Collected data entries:
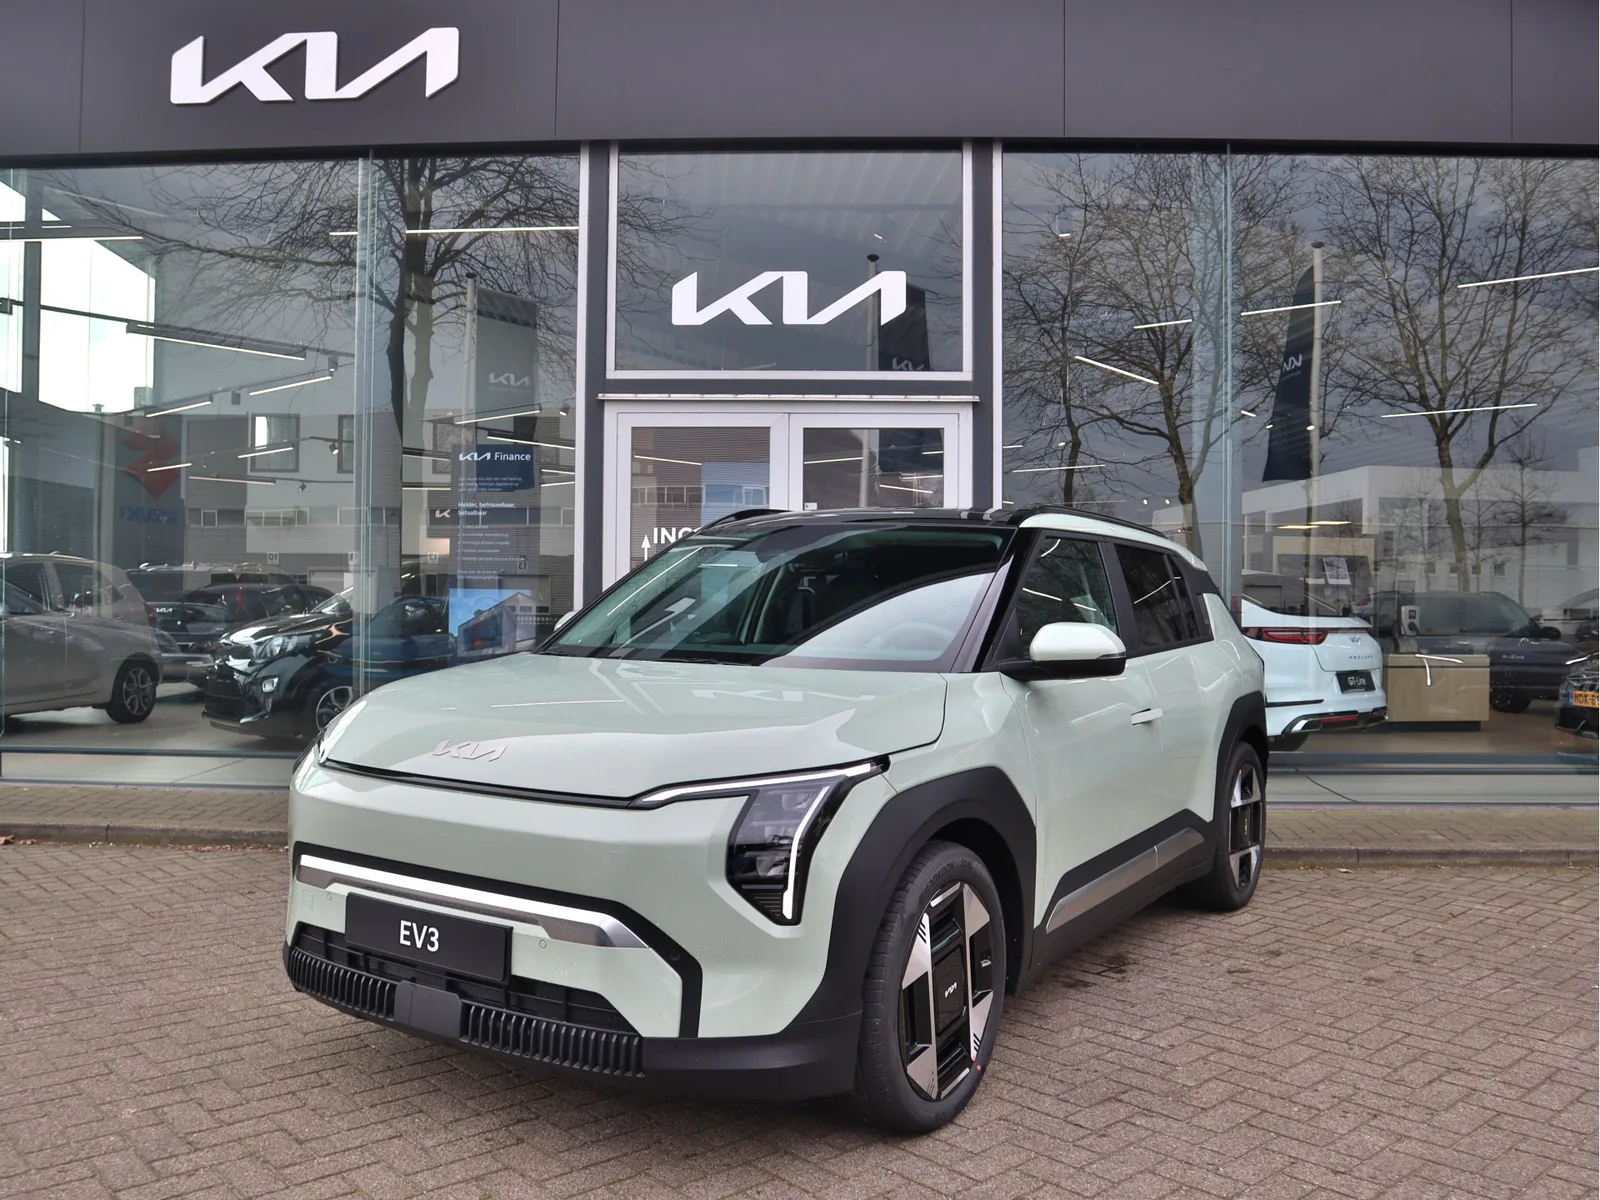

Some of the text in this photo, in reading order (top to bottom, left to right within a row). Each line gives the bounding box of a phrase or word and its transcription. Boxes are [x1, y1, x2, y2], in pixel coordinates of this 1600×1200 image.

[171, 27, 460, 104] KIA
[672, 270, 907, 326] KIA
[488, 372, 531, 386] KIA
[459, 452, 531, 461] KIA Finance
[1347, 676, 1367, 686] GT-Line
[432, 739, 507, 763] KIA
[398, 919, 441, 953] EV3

About this exercise
In the copy, include every line of the entries above exactly and none of the pictures.

Answer for the task
Some of the text in this photo, in reading order (top to bottom, left to right within a row). Each line gives the bounding box of a phrase or word and its transcription. Boxes are [x1, y1, x2, y2], in pixel coordinates of this 1600×1200 image.

[171, 27, 460, 104] KIA
[672, 270, 907, 326] KIA
[488, 372, 531, 386] KIA
[459, 452, 531, 461] KIA Finance
[1347, 676, 1367, 686] GT-Line
[432, 739, 507, 763] KIA
[398, 919, 441, 953] EV3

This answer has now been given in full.